In fact, the film includes a couple of people who did commit suicide, though its focus is on a trio who are living with the condition.
There's a Hollywood makeup artist, Cheri Keating, who has weaned herself off medication; a Pasadena artist, Carlton Davis (left), who to the horror of his wife still has nostalgia for his drug-addicted, cross-dressing days; and a Philadelphia writer, Liz Spikol, who has chronicled her condition in print for years.
The stories are gripping and scary, but always told with honesty and humor by subjects who have endured years of the highest highs and the lowest lows. At a reception on DocuWeeks' opening night, Blush told TheWrap that he and Klein, who are married, had filmed their subject over the course of years, and always had to be ready to rush to film when crises arose or critical moments took place in their subjects' lives.

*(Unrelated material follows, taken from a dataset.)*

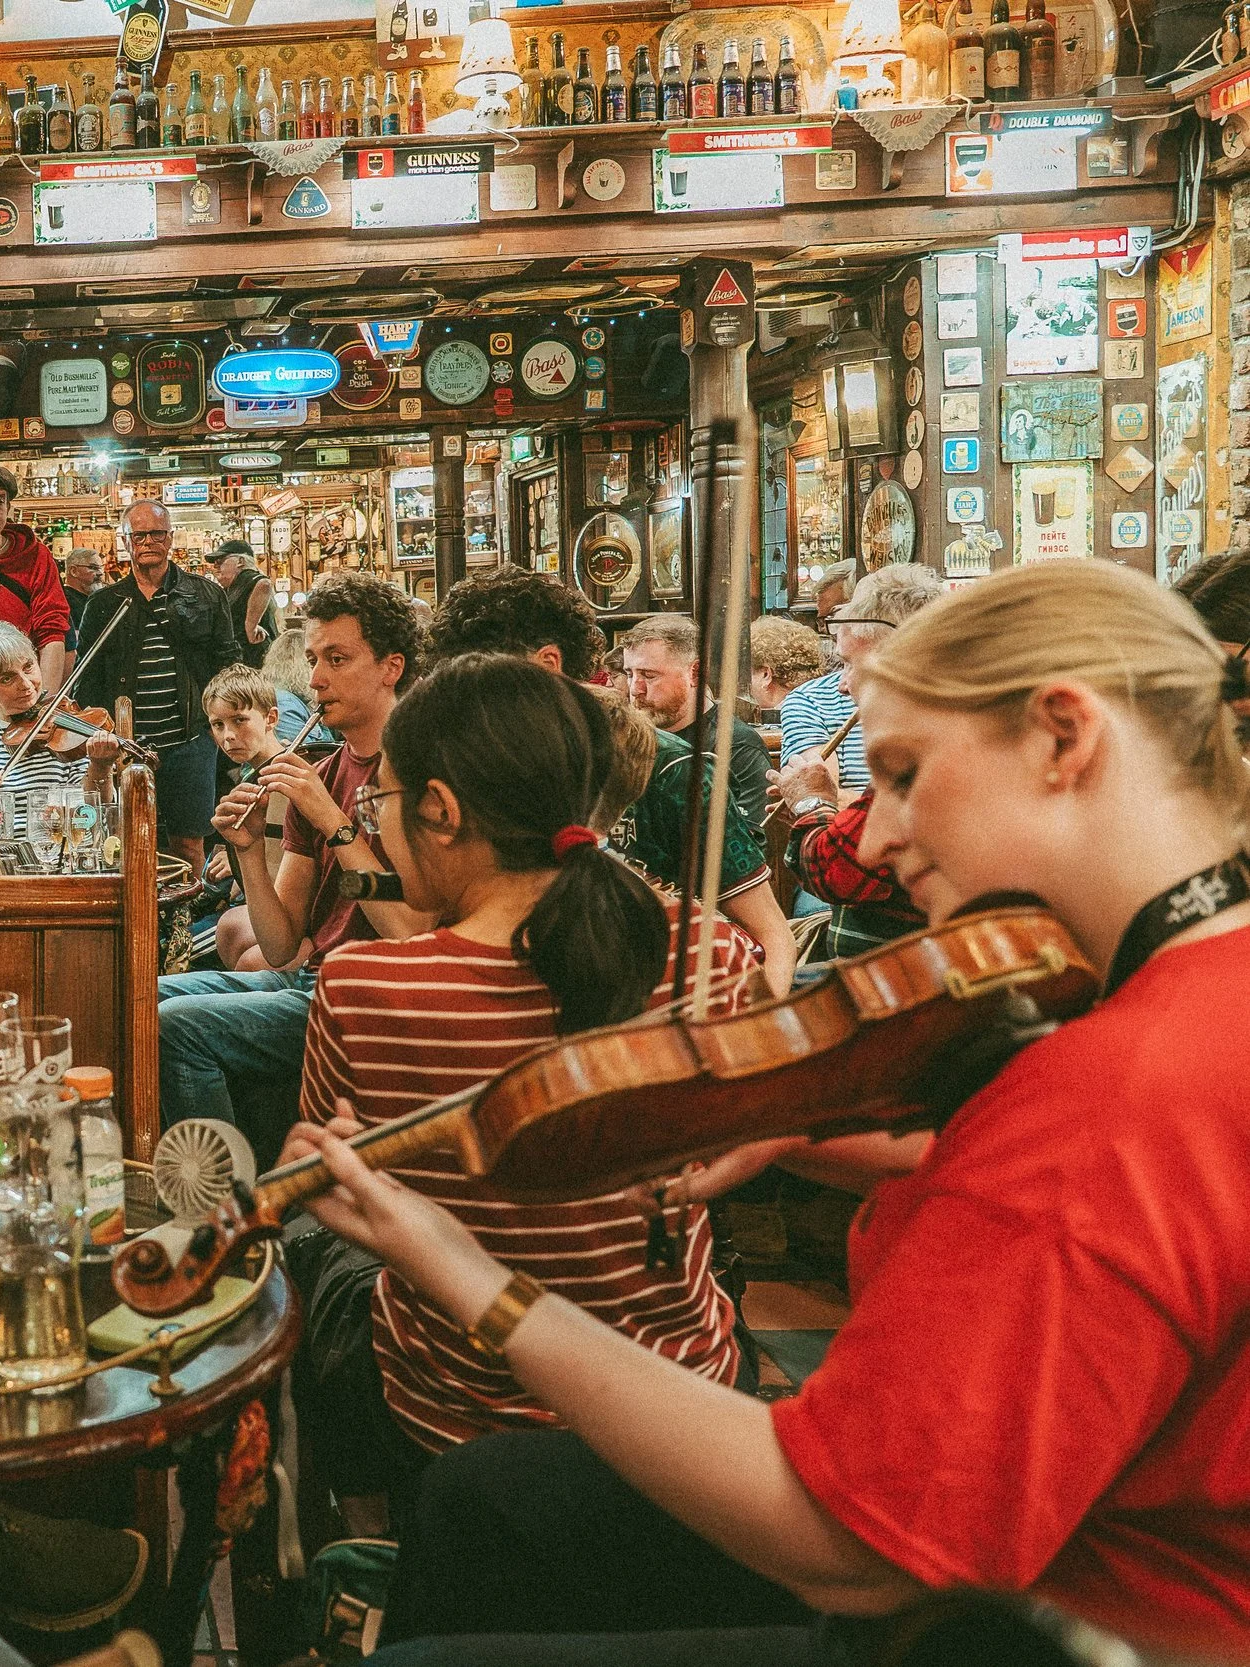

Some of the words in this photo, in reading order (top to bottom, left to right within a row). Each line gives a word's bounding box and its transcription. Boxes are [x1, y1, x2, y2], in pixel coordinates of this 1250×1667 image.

Most of the key figures in "Of Two Minds" are women, which fits with what might be an informal theme of the final week of DocuWeeks' Los Angeles presentation. (A parallel presentation of the same films in New York began a week earlier ended on Thursday.)
Of the four other films in this week's program, three are focused on female subjects. Eugene Martin's "The Anderson Monarchs" follows an African-American girls' soccer team from inner-city Philadelphia. Nicole Karsin's "We Women Warriors" focuses on three women in Colombia who try to use nonviolent resistance to survive in a country whose indigenous population is threatened by warfare between drug traders, guerillas and paramilitary. And Mai Iskander's "Words of Witness" looks at the recent turmoil in Egypt through the eyes of a young female journalist.
The final DocuWeeks film is Macky Alston's "Love Free or Die," which chronicles the life and activism of Anglican bishop Gene Robinson, the first openly gay bishop in Christendom.
All five films will screen twice a day at the NoHo 7 through next Thursday, with many of the screenings followed by Q&A sessions with the filmmakers. DocuWeeks serves as an Oscar-qualifying showcase, making all of its films eligible for the 85th Academy Awards.